PROBLEM REQUIREMENTS -
Retype the entries exactly, but skip the pictures.

INPUT MATERIAL -
------------------------------------

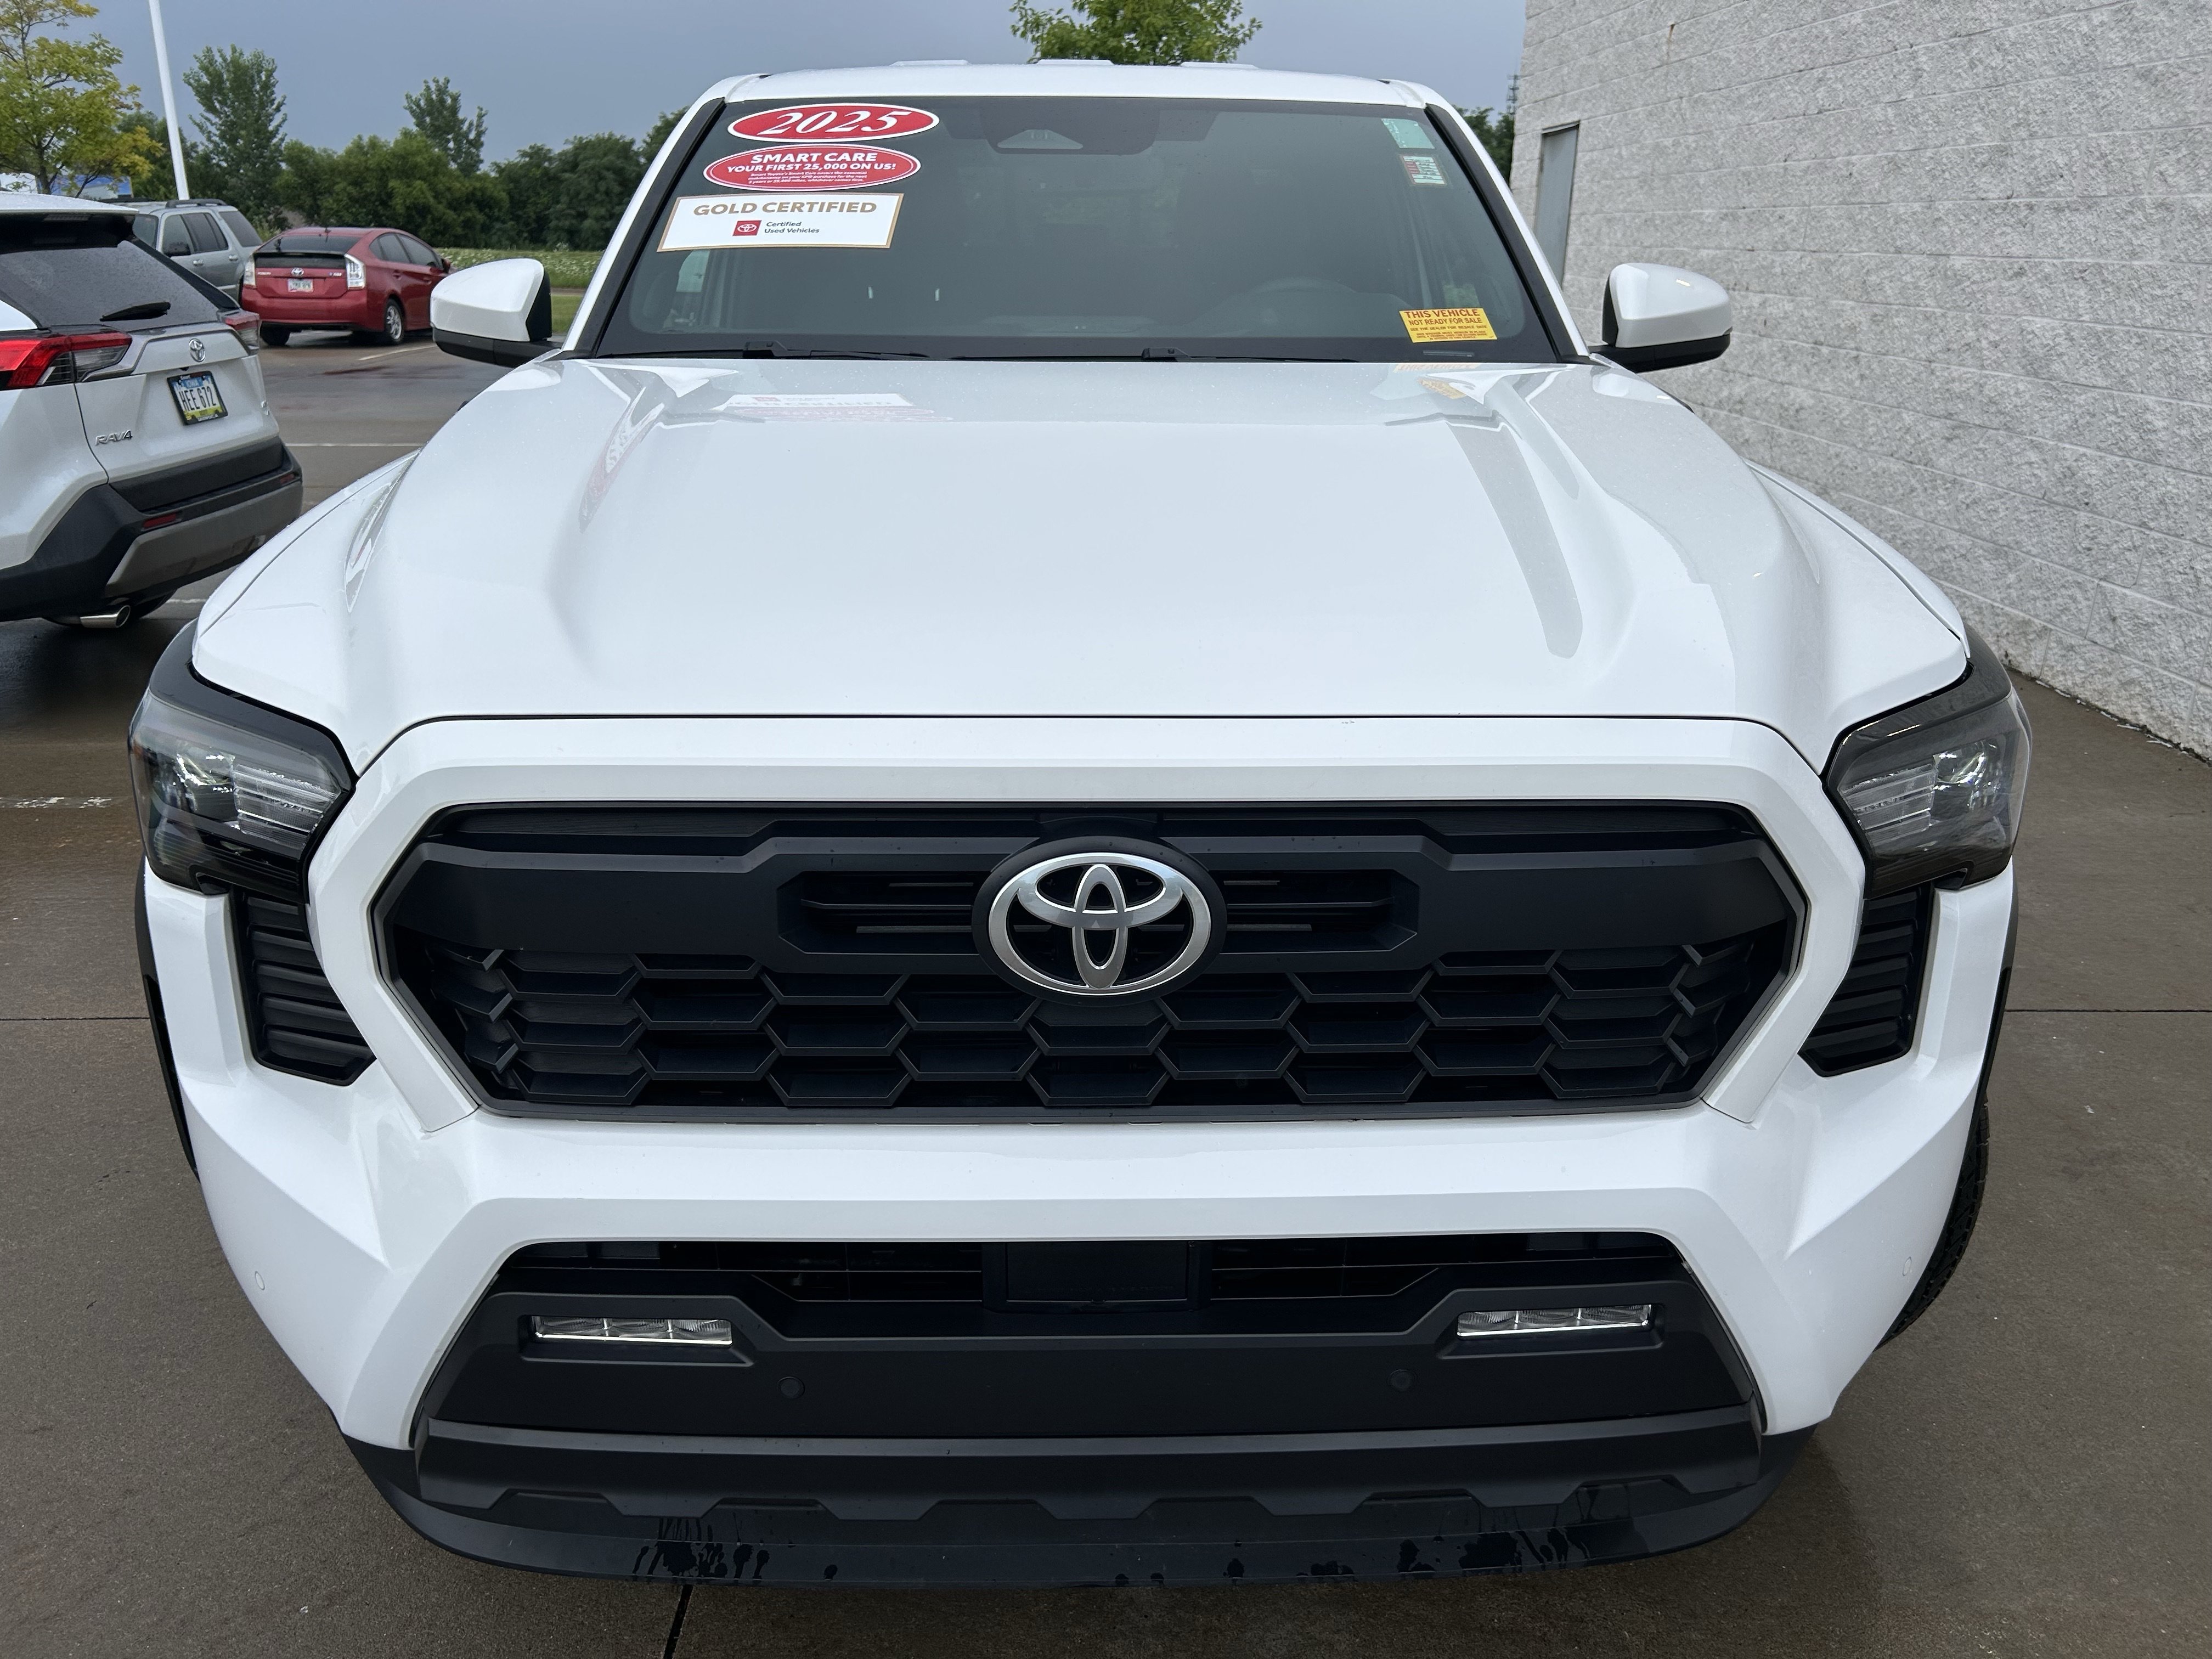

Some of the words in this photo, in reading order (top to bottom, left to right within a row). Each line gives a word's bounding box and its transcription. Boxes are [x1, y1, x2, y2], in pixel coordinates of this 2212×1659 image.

[757, 110, 912, 136] 2025
[750, 153, 823, 164] SMART
[824, 153, 878, 162] CARE
[693, 202, 758, 216] GOLD
[762, 201, 877, 213] CERTIFIED
[1404, 310, 1431, 319] THIS
[1432, 309, 1480, 318] VEHICLE
[178, 389, 200, 412] HEE
[197, 386, 217, 408] 672
[95, 430, 133, 445] RAV4

------------------------------------

RESPONSE -
Some of the words in this photo, in reading order (top to bottom, left to right within a row). Each line gives a word's bounding box and its transcription. Boxes are [x1, y1, x2, y2], in pixel coordinates of this 2212×1659 image.

[757, 110, 912, 136] 2025
[750, 153, 823, 164] SMART
[824, 153, 878, 162] CARE
[693, 202, 758, 216] GOLD
[762, 201, 877, 213] CERTIFIED
[1404, 310, 1431, 319] THIS
[1432, 309, 1480, 318] VEHICLE
[178, 389, 200, 412] HEE
[197, 386, 217, 408] 672
[95, 430, 133, 445] RAV4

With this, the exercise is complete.